(Saved data entries)
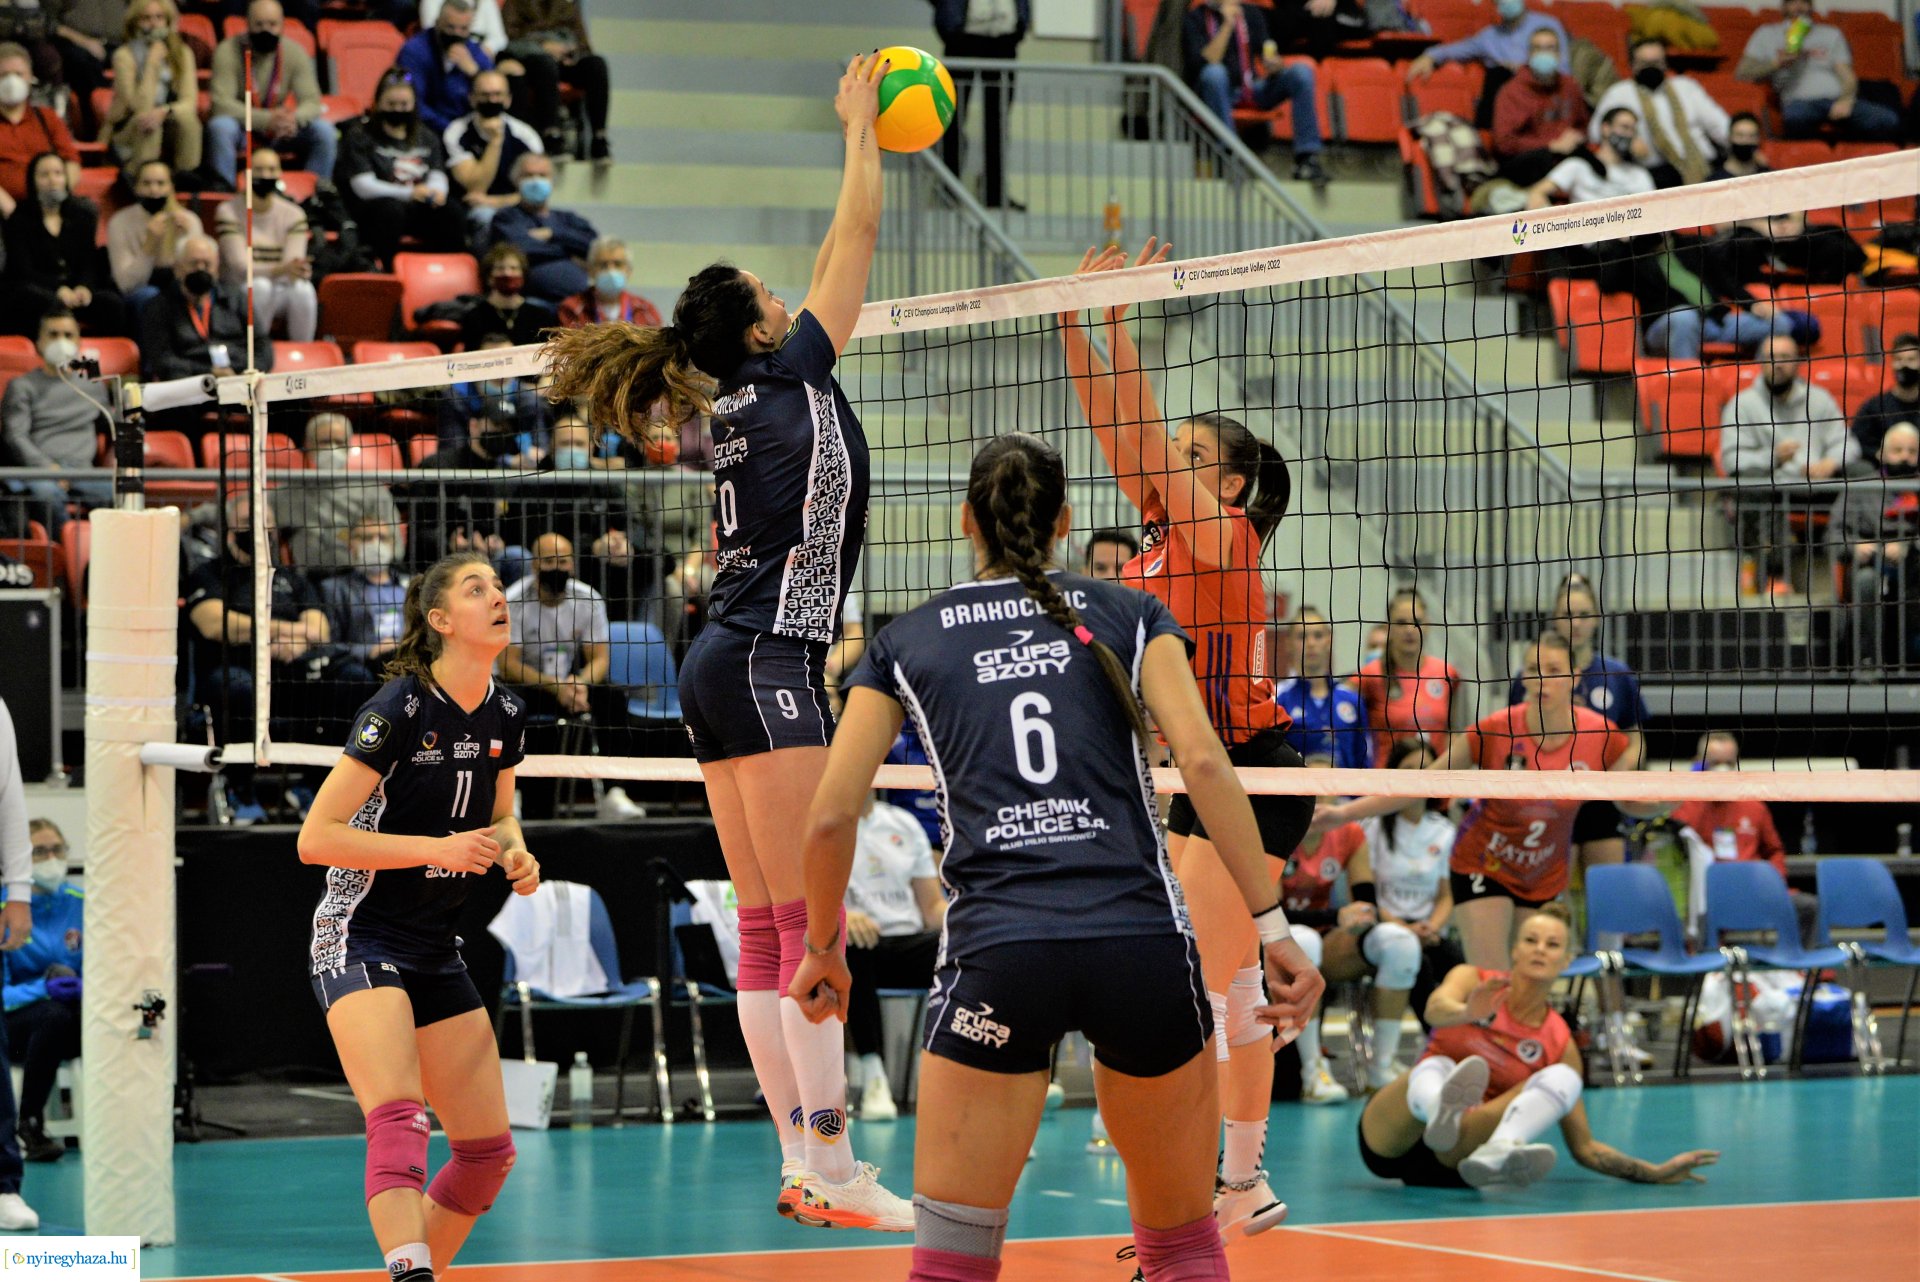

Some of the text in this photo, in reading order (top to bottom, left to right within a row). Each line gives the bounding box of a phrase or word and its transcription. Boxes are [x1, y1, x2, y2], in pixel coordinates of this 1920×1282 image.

[1532, 208, 1642, 234] CEV Champions League Volley 2022
[1189, 259, 1280, 280] CEV Champions League Volley 2022
[904, 300, 981, 318] CEV Champions League Volley 2022
[776, 689, 799, 720] 9
[370, 716, 384, 727] CEV
[1010, 691, 1058, 785] 6
[416, 749, 442, 757] CHEMIK
[451, 770, 473, 819] 11
[997, 798, 1092, 823] CHEMIK
[985, 813, 1110, 844] POLICE S.A.
[1523, 820, 1547, 848] 2
[1469, 872, 1486, 894] 2

PROBLEM DESCRIPTION - Write the data above out exactly. Leave out any pictures.

TASK SOLUTION -
Some of the text in this photo, in reading order (top to bottom, left to right within a row). Each line gives the bounding box of a phrase or word and its transcription. Boxes are [x1, y1, x2, y2], in pixel coordinates of this 1920×1282 image.

[1532, 208, 1642, 234] CEV Champions League Volley 2022
[1189, 259, 1280, 280] CEV Champions League Volley 2022
[904, 300, 981, 318] CEV Champions League Volley 2022
[776, 689, 799, 720] 9
[370, 716, 384, 727] CEV
[1010, 691, 1058, 785] 6
[416, 749, 442, 757] CHEMIK
[451, 770, 473, 819] 11
[997, 798, 1092, 823] CHEMIK
[985, 813, 1110, 844] POLICE S.A.
[1523, 820, 1547, 848] 2
[1469, 872, 1486, 894] 2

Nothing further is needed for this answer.